New NHS charging regulations were introduced in April 2004 after consultation. Amongst other changes, some genuinely beneficial (students, for instance, can now access NHS services without charge provided their course is of at least six months duration) the twelve-month rule was removed. This change means that long stay visitors, anyone in the UK without documentation, and anyone refused asylum or leave to remain, but not removed from the UK, are liable to be charged for any NHS services other than those provided in an emergency (usually interpreted as those available at A&E departments) or those outlined in the 1989 exemptions.

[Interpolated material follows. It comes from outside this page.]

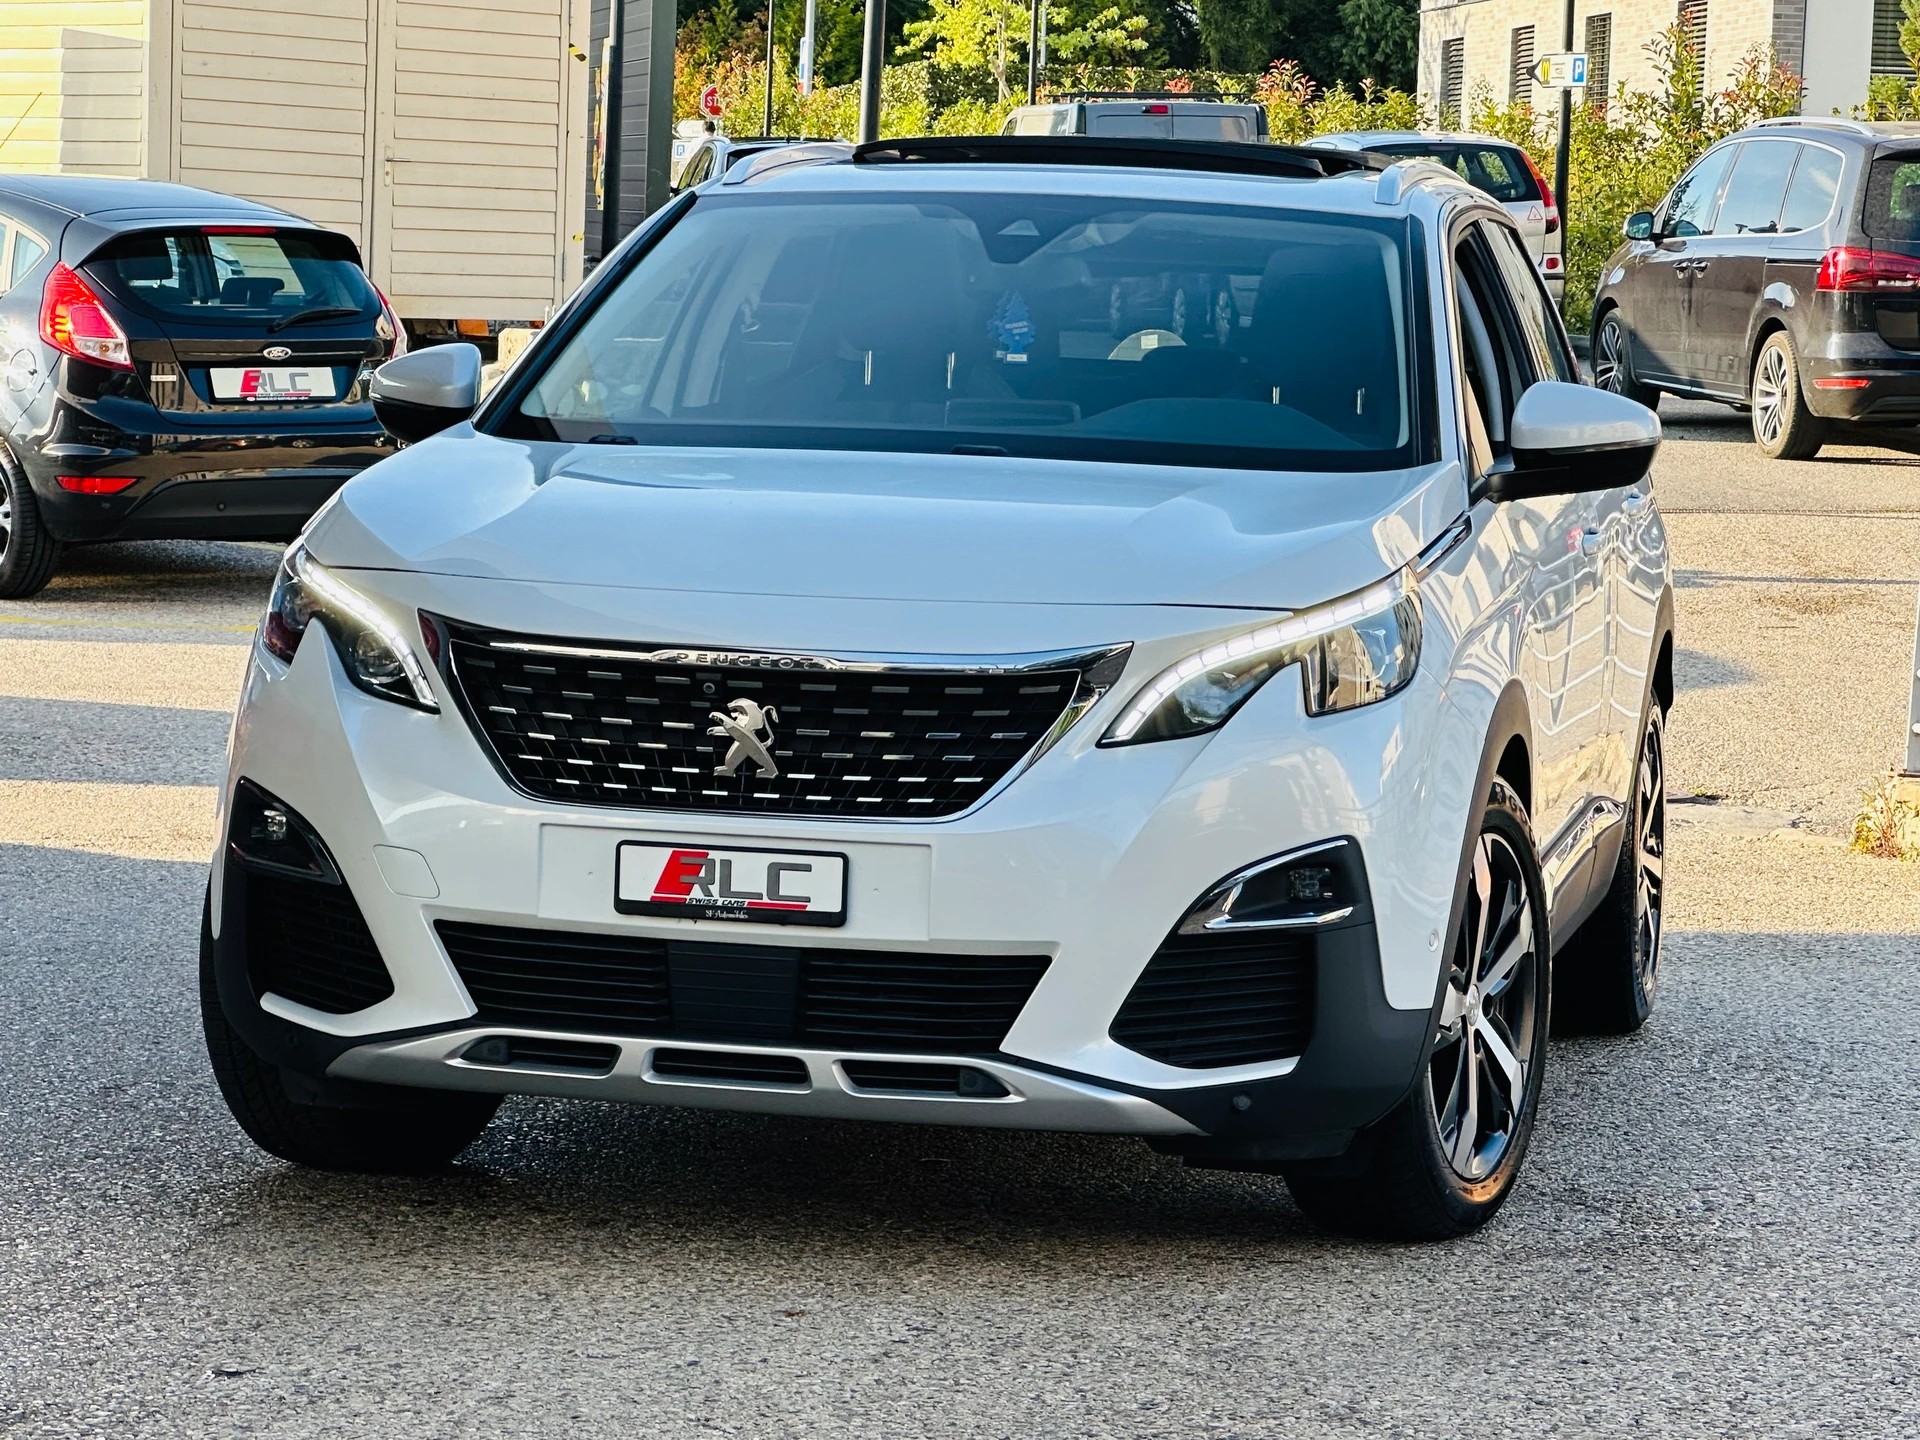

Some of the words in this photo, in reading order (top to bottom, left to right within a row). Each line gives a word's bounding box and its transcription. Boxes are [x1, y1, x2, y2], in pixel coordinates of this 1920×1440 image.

[1574, 60, 1583, 80] P
[676, 652, 814, 670] PEUGEOT
[687, 897, 719, 905] SWISS
[721, 899, 746, 907] CARS

It is clear (as of November 2004) that these changes to the regulations are already causing hardship. It is also beginning to be clear in the case of HIV that, while they may result in a small short term cost reduction to local NHS budgets, in the longer term they are highly likely to have a negative effect in all three major areas – the public purse, the public health and individual health.
Mandatory screening for asylum seekers with HIV
In January 2003, the Cabinet office, in collaboration with the Department of Health and the Home Office, launched a closed inquiry into “imported infections”, examining the impact of some serious communicable diseases on public health in the UK, with particular focus on individuals coming from abroad. The main implication for the HIV sector would be that the Government was considering whether or not to require an HIV test from individuals coming into the UK: students, work-permit holders and asylum seekers in particular.
It is inappropriate to routinely screen all asylum applicants for HIV. Mandatory screening is against World Health Organization guidelines for implementing HIV/AIDS counselling (1993). The 45th World Health Assembly noted that "there is no public health rationale for any measures that limit the rights of the individual, notably measures establishing mandatory screening." It is important to offer confidential voluntary counselling and testing and support those at risk.